I am designing and building circuits which use 100Mb/s on a Low Voltage Differential Signaling (LVDS) bus. Some of these signals need to travel between PCBs on hand made cables. The problem is that I have no way of verifying the quality of the cables and termination.
If I was a millionaire, I'd get an expensive 'scope or a vector network analyser. But failing that, is there some way I can measure the reflected signals, or the impedance of the cable?
(I have a 150MHz bandwidth, 500MSPS 'scope available).
Added: Information about the data on the wire, taken from the ET1200 datasheet.
Added: 21 hours to go. Last chance for the bounty. Can anyone suggest even a quick and dirty way to measure impedance? Perhaps some kind of bridge where I could compare the cable against a known good cable?
Answer
Here's the cheapest I can come up with.
First, you need an rf synthesizer. If you don't have that, get your digital signal to output a pure square wave (either use the clock signal or send 1010... from your data line), and then use a lowpass or bandpass filter to transform that into a pure-ish sine wave.

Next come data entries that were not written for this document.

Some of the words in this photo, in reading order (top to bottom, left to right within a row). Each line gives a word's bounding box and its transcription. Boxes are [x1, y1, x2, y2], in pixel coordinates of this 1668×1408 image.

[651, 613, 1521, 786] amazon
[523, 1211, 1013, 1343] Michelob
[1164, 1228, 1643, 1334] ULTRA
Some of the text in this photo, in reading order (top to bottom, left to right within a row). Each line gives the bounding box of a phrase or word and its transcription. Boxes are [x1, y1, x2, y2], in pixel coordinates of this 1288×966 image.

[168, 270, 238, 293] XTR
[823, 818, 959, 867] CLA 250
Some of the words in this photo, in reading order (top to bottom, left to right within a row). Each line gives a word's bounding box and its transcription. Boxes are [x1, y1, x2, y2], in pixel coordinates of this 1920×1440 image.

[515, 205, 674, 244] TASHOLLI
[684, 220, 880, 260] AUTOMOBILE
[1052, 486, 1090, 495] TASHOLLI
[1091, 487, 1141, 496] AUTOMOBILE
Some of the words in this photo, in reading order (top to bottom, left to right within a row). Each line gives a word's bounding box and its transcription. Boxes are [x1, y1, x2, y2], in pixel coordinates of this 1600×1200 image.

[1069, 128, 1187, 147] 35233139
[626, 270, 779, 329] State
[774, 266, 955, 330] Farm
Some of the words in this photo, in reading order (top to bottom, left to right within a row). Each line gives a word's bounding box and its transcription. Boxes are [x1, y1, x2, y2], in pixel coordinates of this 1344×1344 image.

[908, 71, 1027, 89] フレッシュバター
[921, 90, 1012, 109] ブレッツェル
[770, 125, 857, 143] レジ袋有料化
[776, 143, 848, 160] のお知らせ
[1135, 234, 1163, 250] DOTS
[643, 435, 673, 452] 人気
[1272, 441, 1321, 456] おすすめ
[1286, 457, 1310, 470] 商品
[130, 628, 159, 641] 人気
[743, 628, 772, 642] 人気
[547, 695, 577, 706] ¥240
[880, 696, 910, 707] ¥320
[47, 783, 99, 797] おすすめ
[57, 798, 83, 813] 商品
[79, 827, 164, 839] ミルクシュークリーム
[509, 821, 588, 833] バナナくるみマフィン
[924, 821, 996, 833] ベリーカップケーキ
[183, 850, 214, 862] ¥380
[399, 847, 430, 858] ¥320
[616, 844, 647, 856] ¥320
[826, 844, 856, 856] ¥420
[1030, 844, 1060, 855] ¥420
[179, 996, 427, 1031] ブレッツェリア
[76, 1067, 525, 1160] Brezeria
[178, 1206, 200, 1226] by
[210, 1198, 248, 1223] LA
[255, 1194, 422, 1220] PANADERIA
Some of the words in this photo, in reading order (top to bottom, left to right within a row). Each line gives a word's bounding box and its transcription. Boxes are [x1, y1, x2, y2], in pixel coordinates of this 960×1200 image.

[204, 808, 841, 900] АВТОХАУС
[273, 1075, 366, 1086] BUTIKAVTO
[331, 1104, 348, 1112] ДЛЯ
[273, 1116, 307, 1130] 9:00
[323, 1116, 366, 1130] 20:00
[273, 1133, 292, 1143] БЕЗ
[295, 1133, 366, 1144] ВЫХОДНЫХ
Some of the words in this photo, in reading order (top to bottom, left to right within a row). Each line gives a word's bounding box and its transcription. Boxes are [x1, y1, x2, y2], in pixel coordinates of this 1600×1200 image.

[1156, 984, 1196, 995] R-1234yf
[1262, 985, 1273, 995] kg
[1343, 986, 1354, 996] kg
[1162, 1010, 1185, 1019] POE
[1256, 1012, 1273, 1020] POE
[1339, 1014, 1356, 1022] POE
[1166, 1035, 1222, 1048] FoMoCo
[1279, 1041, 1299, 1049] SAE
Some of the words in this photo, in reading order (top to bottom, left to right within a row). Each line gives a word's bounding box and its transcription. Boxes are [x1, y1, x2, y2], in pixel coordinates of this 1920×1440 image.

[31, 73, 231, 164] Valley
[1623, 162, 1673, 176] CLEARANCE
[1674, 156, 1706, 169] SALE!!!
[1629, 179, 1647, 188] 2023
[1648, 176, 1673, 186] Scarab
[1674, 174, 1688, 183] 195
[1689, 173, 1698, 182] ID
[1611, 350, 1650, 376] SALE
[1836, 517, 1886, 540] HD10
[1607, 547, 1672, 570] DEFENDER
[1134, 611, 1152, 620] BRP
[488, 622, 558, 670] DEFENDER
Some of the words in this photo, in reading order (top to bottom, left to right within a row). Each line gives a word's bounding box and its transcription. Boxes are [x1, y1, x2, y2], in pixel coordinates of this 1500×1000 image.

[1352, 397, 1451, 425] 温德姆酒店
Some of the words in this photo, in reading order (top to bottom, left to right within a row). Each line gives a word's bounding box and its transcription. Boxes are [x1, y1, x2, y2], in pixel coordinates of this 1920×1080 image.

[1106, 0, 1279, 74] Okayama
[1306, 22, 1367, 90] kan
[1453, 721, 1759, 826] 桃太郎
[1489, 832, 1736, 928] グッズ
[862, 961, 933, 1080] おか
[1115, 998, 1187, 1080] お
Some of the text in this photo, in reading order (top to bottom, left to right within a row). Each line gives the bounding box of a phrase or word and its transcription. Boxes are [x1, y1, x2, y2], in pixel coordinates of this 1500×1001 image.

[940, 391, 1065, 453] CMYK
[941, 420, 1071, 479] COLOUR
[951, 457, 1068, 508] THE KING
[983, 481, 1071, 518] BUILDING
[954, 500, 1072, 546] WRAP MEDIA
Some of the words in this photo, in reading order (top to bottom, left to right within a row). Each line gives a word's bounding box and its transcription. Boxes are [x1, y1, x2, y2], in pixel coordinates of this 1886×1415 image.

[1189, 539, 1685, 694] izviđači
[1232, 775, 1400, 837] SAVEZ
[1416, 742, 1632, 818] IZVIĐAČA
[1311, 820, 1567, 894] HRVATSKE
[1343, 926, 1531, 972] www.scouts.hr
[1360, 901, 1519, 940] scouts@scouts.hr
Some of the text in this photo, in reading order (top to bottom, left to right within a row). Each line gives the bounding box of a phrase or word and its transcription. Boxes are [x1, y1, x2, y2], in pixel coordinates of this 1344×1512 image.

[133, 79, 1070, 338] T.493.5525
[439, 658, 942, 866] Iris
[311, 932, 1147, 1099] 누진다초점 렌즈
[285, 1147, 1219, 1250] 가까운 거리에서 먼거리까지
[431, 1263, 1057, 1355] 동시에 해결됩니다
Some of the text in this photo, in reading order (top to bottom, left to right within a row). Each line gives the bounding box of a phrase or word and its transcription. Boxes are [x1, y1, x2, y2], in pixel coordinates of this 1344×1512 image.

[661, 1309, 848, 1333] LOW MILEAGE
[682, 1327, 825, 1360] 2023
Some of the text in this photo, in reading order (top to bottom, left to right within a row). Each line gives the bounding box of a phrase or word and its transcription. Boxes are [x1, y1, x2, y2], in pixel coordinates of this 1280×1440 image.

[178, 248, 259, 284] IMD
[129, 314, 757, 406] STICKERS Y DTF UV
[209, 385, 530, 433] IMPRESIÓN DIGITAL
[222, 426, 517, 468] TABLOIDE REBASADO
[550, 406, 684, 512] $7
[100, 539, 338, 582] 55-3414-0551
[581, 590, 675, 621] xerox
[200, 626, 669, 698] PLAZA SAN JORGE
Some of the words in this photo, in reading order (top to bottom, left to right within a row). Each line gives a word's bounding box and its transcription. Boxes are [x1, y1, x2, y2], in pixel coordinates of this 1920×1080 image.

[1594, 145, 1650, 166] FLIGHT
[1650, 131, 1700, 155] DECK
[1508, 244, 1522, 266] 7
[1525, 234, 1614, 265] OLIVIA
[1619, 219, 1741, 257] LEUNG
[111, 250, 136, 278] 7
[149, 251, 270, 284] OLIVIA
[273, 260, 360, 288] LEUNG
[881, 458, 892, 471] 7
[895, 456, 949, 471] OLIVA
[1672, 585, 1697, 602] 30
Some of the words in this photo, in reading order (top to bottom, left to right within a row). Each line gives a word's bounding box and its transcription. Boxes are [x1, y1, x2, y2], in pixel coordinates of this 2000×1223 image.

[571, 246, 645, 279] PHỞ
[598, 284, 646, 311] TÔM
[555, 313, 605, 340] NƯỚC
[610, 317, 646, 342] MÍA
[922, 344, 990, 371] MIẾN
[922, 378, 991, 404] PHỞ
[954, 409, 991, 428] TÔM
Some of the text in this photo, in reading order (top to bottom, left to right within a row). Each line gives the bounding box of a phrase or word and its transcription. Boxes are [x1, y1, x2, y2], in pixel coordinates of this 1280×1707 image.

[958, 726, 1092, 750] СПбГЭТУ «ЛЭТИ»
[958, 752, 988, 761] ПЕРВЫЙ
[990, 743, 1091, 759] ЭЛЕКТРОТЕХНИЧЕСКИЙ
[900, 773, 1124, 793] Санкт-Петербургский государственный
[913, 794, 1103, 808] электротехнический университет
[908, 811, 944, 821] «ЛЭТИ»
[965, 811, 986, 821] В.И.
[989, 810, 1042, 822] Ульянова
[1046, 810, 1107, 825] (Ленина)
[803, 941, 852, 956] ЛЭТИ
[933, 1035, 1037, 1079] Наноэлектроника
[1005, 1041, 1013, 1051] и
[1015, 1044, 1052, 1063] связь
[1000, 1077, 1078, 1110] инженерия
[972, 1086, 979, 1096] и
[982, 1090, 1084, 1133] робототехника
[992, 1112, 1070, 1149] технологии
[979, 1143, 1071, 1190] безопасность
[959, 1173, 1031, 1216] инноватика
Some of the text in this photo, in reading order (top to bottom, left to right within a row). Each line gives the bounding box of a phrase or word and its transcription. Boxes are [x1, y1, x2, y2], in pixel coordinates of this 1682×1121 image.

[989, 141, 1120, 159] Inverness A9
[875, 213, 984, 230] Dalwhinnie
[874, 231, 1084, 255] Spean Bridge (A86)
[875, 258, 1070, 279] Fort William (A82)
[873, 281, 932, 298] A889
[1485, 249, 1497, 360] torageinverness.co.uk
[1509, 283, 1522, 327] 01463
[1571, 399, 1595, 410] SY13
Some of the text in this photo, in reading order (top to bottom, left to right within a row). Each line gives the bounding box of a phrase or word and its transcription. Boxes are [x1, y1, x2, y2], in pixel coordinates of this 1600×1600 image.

Between the source and your circuit under test, connect a directional coupler, in the direction so that the coupled output is getting the reflected signal, not the source signal.
Now connect an rf power detector to the directional coupler's coupled port. Now you can use a multimeter to measure the power in the reflected signal.
If you use Minicircuits, you can get the directional coupler and power detector for something like $150, or you can probably find these parts for even less on EBay.
There will be all kinds of errors in this approach, because you don't have the equipment to calibrate it. The directivity of the directional coupler will limit the minimum reflection coefficient you can measure. But if you adjust your termination to minimize the voltage at the power detector output, you're probably close to optimizing the match.
Edit
Should add, since you're talking about LVDS, you're presumably talking about a differential line and a differential termination. Which means for this scheme you'll need a balun between the test instrument and your DUT. Which is yet another potential source of errors.